Change the legend entries

Now, we will change the labels in the legend. If your legend is already correctly labelled, skip Steps 6–9.

Figure 6.8d Now, we will change the labels in the legend. If your legend is already correctly labelled, skip Steps 6–9.

Change the legend entries

After changing the name of the data series, the label in the legend will change.

Figure 6.8e After changing the name of the data series, the label in the legend will change.

Change the legend entries

After step 9, your data should now be correctly labelled in the chart legend.

Figure 6.8f After step 9, your data should now be correctly labelled in the chart legend.

Remove the outliers (optional)

Excel shows any observations that are greater than 1.5 times the box width (in absolute value) separately as outliers. If your chart is too cluttered with outliers, you can remove them to make your chart more readable.

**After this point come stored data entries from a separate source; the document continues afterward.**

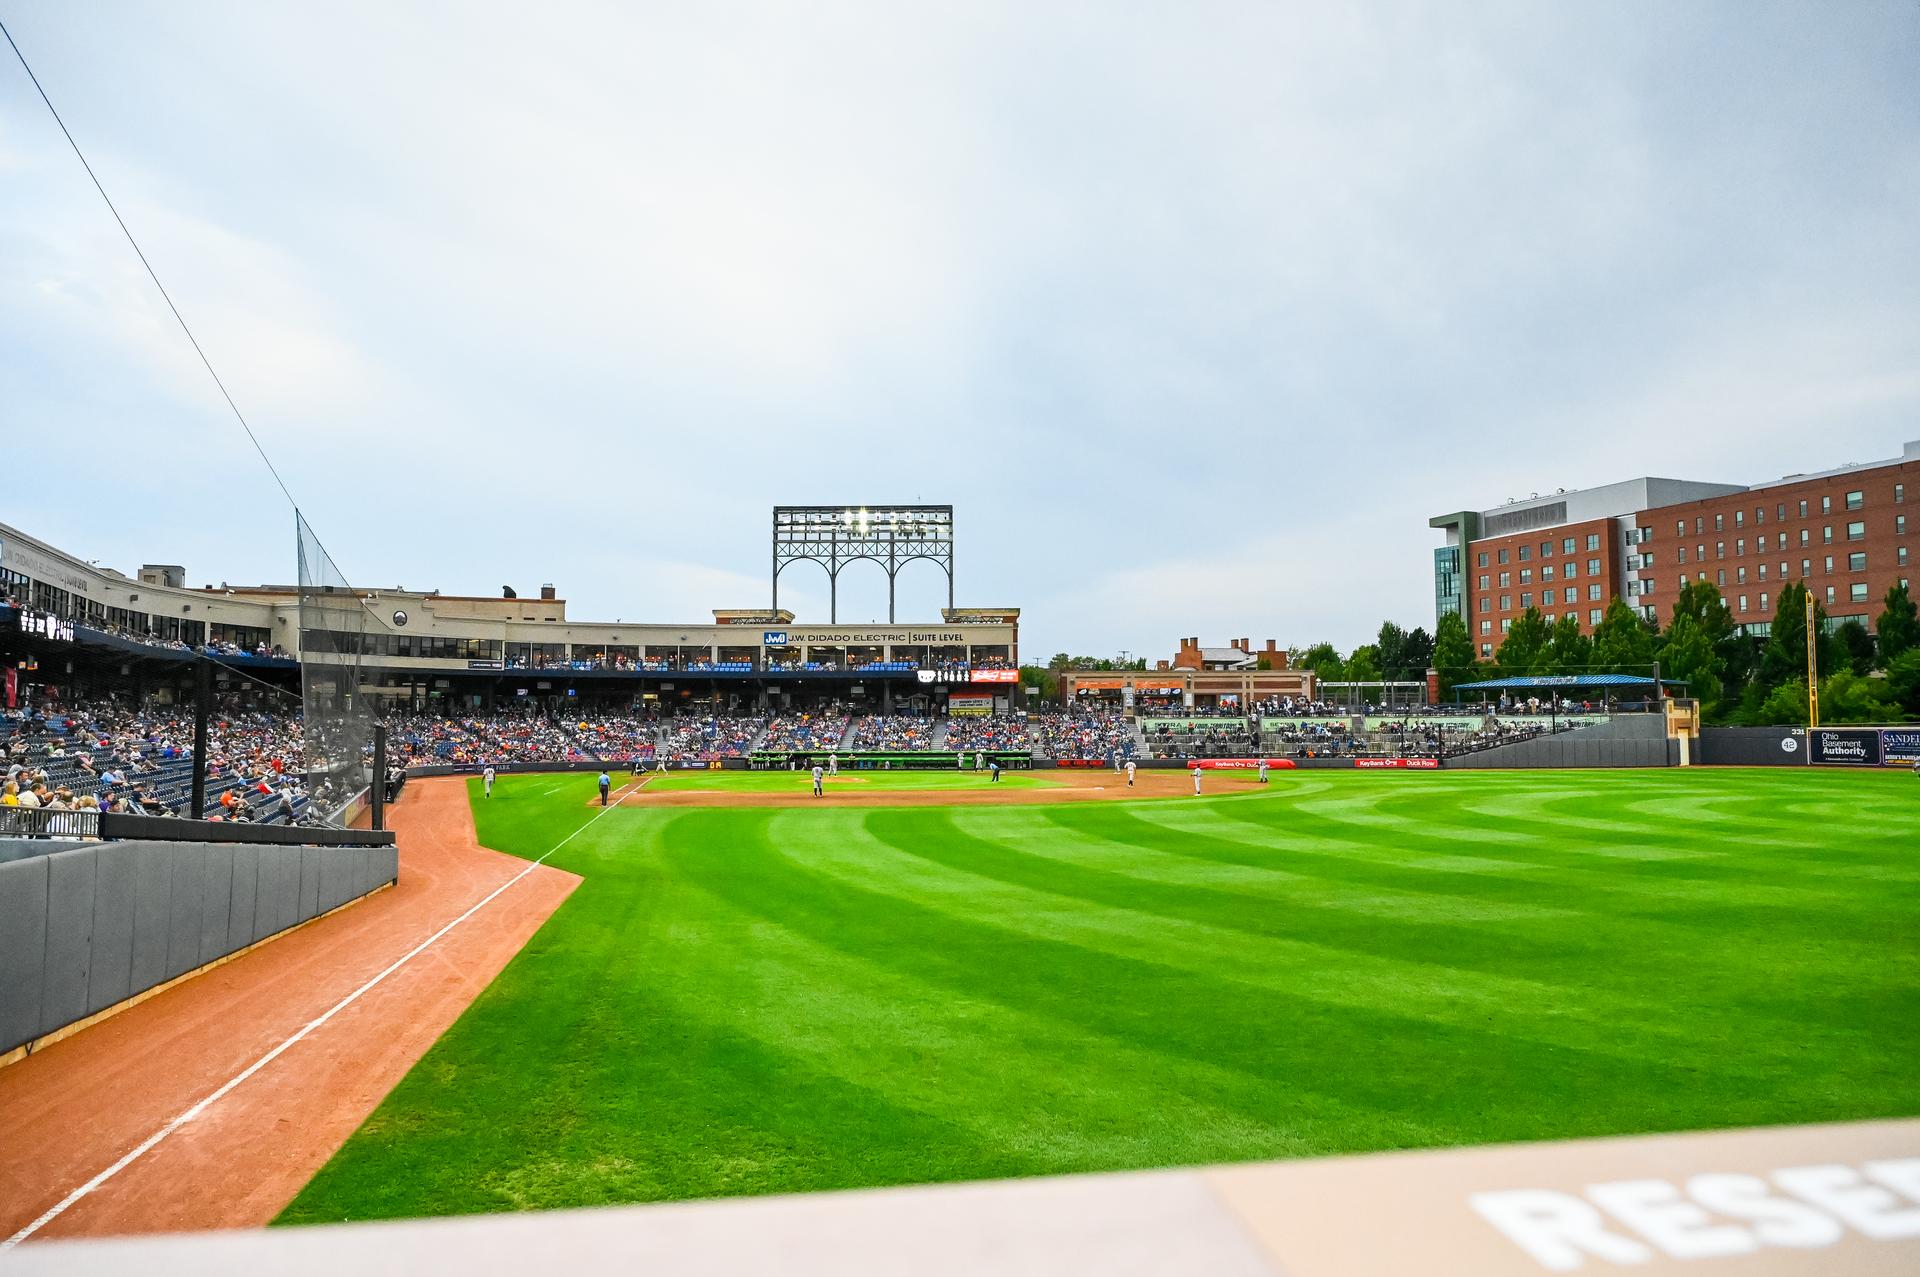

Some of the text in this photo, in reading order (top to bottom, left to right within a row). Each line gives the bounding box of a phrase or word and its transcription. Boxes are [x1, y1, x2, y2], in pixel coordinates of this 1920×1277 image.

[807, 634, 851, 642] DIDADO
[853, 634, 906, 642] ELECTRIC
[912, 633, 937, 642] SUITE
[939, 633, 964, 642] LEVEL
[1821, 732, 1839, 740] Ohio
[1783, 741, 1795, 749] 42
[1822, 739, 1862, 748] Basement
[1822, 747, 1866, 757] Authority

Figure 6.8g Excel shows any observations that are greater than 1.5 times the box width (in absolute value) separately as outliers. If your chart is too cluttered with outliers, you can remove them to make your chart more readable.

From the manufacturing data, firms in the US seem to be managed better (on average) than firms in other countries. To investigate whether this is the case in other sectors, we will use data gathered on hospitals and schools.

1. Using the data for hospitals and schools (AMP_graph_public.csv):
• Create a table for hospitals and schools, showing the mean management score and criteria score (monitoring, targets, incentives) for each country, as in Figure 6.2a. (Hint: You may find it helpful to use Excel’s PivotTable option—see Excel walk-through 3.1.)
• Make separate bar charts for hospitals and schools showing the mean overall management score for each country, sorted from highest to lowest, as in Figure 6.1. Are the country rankings similar to those in manufacturing?
• Using your average criteria scores from Question 5(a), suggest some explanations for the observed rankings in either hospitals or schools. (You may find it helpful to research healthcare or educational policies and reforms in those countries to support your explanations.)

Part 6.2 Are differences in management practices statistically significant?

Using the management survey data collected by Bloom et al. (2012), we can compare average management scores across countries and industries. Rather than simply identifying differences between groups, we are also interested in whether these differences are statistically significant.

confidence interval
A range of values that is centred around the sample value, and is defined so that there is a specified probability (usually 95%) that it contains the ‘true value’ of interest.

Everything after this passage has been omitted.